* Records to use *
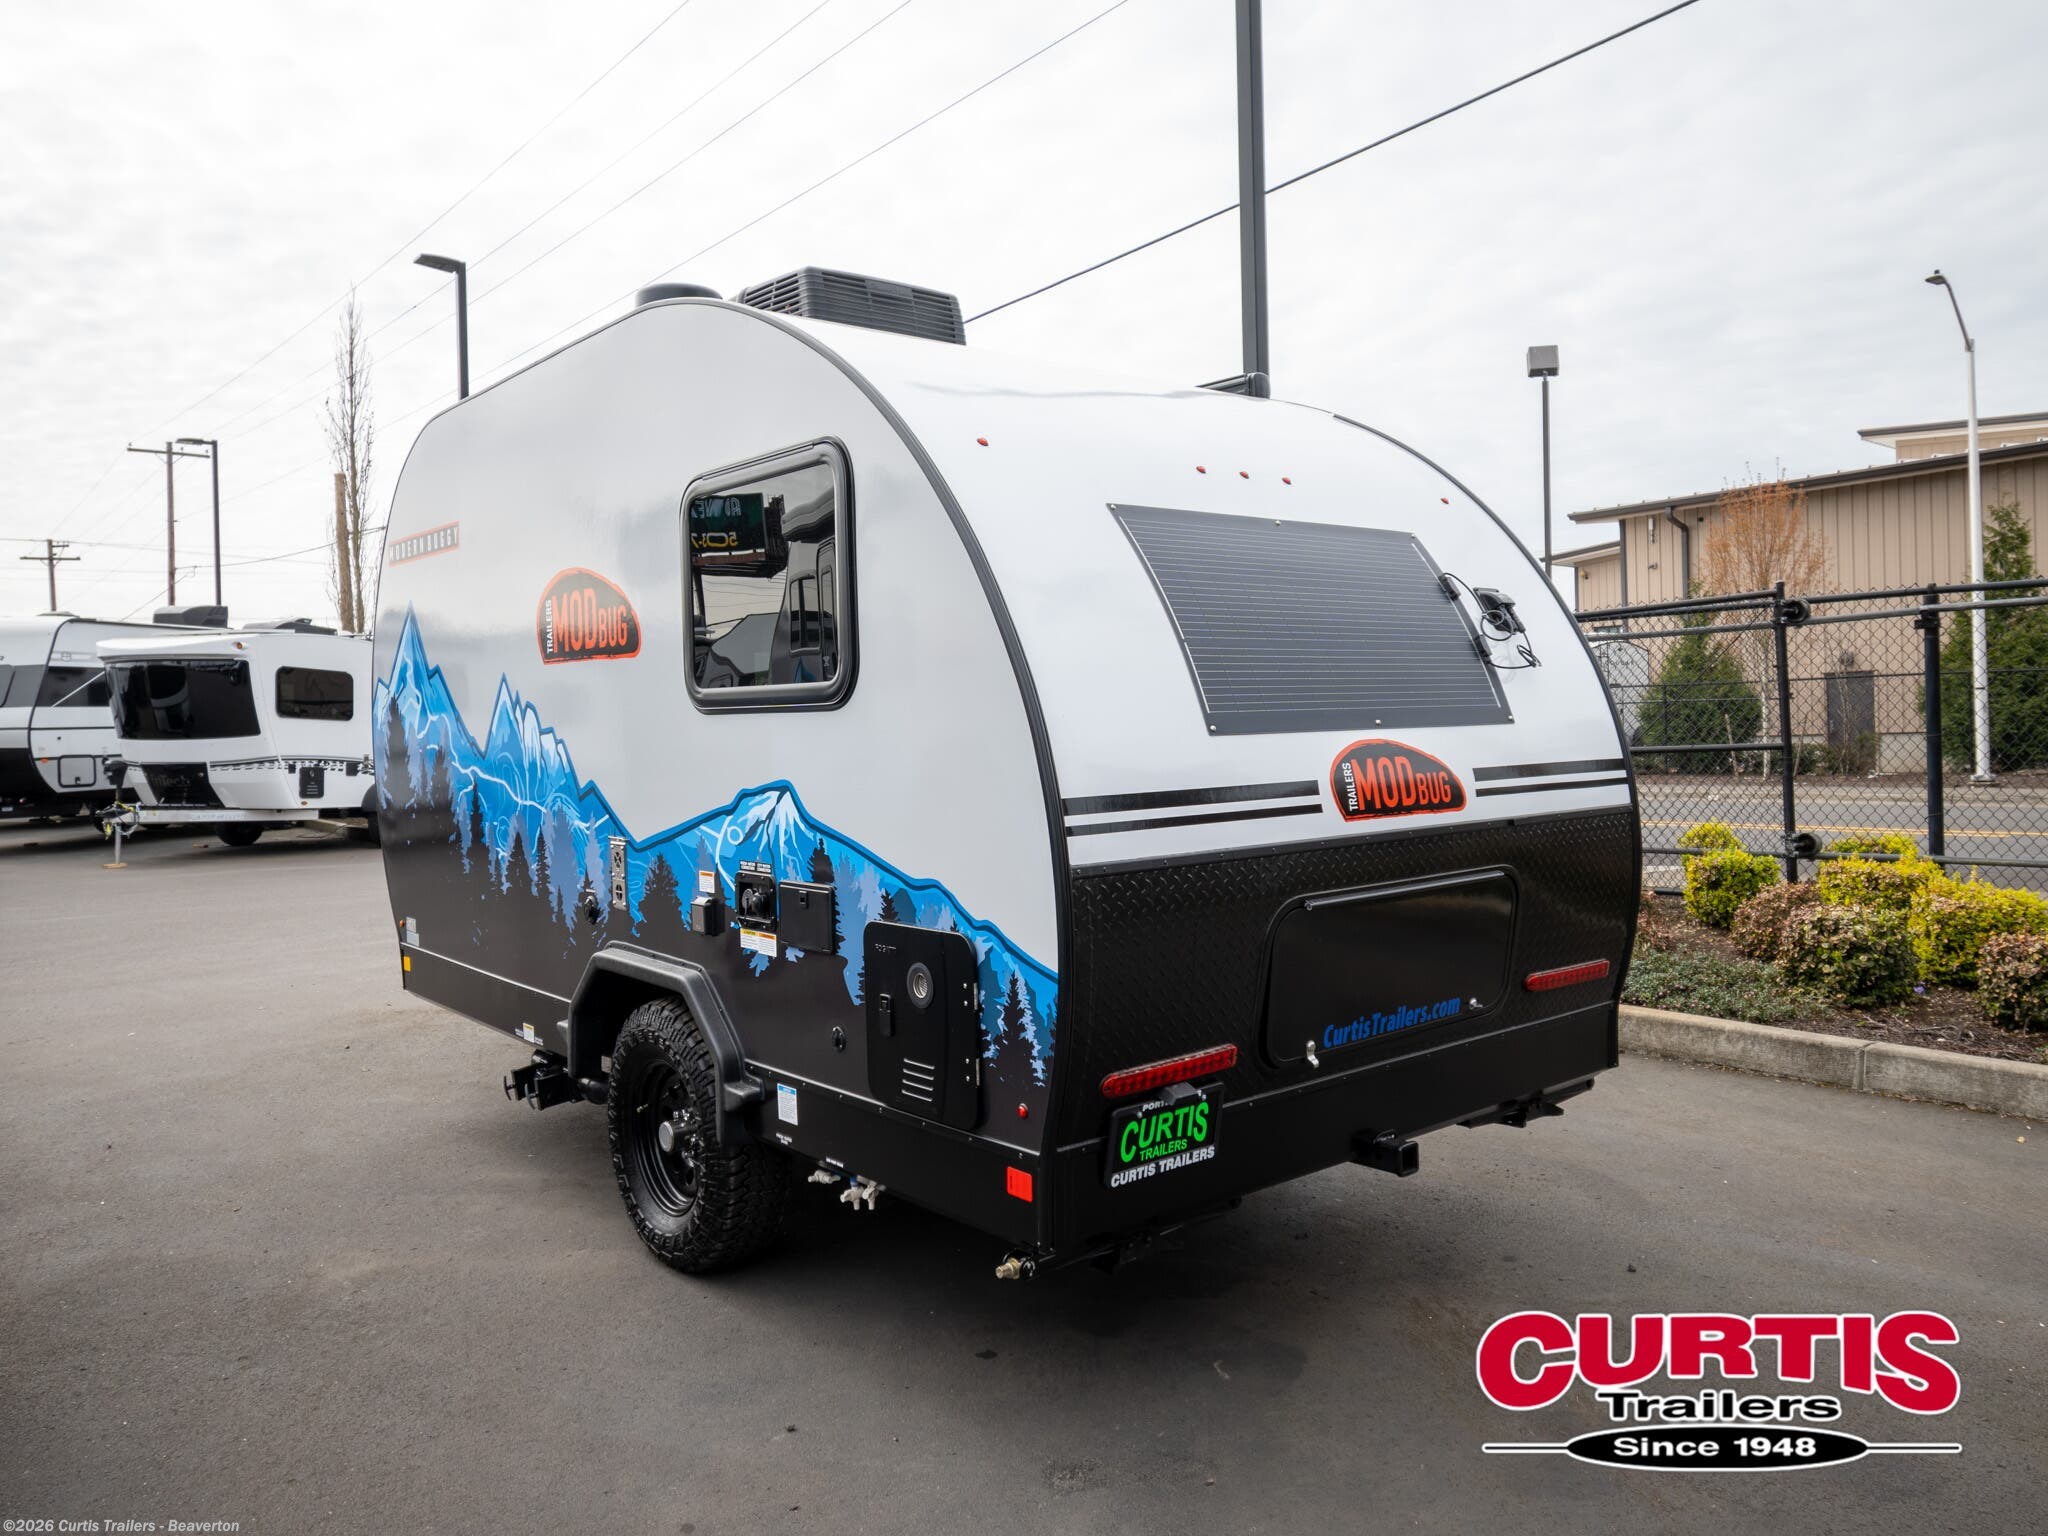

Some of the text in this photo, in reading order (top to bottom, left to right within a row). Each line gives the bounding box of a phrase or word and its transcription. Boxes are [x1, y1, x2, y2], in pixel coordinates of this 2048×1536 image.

[427, 527, 458, 552] BUGGY
[545, 599, 553, 654] TRAILERS
[1342, 762, 1358, 812] TRAILERS
[1322, 997, 1462, 1048] CurtisTrailers.com
[1120, 1101, 1209, 1163] CURTIS
[1139, 1138, 1188, 1162] TRAILERS
[1110, 1145, 1216, 1188] CURTIS TRAILERS

* Work order *
None of the images should be copied, but every entry must be given again exactly.

* Output *
Some of the text in this photo, in reading order (top to bottom, left to right within a row). Each line gives the bounding box of a phrase or word and its transcription. Boxes are [x1, y1, x2, y2], in pixel coordinates of this 2048×1536 image.

[427, 527, 458, 552] BUGGY
[545, 599, 553, 654] TRAILERS
[1342, 762, 1358, 812] TRAILERS
[1322, 997, 1462, 1048] CurtisTrailers.com
[1120, 1101, 1209, 1163] CURTIS
[1139, 1138, 1188, 1162] TRAILERS
[1110, 1145, 1216, 1188] CURTIS TRAILERS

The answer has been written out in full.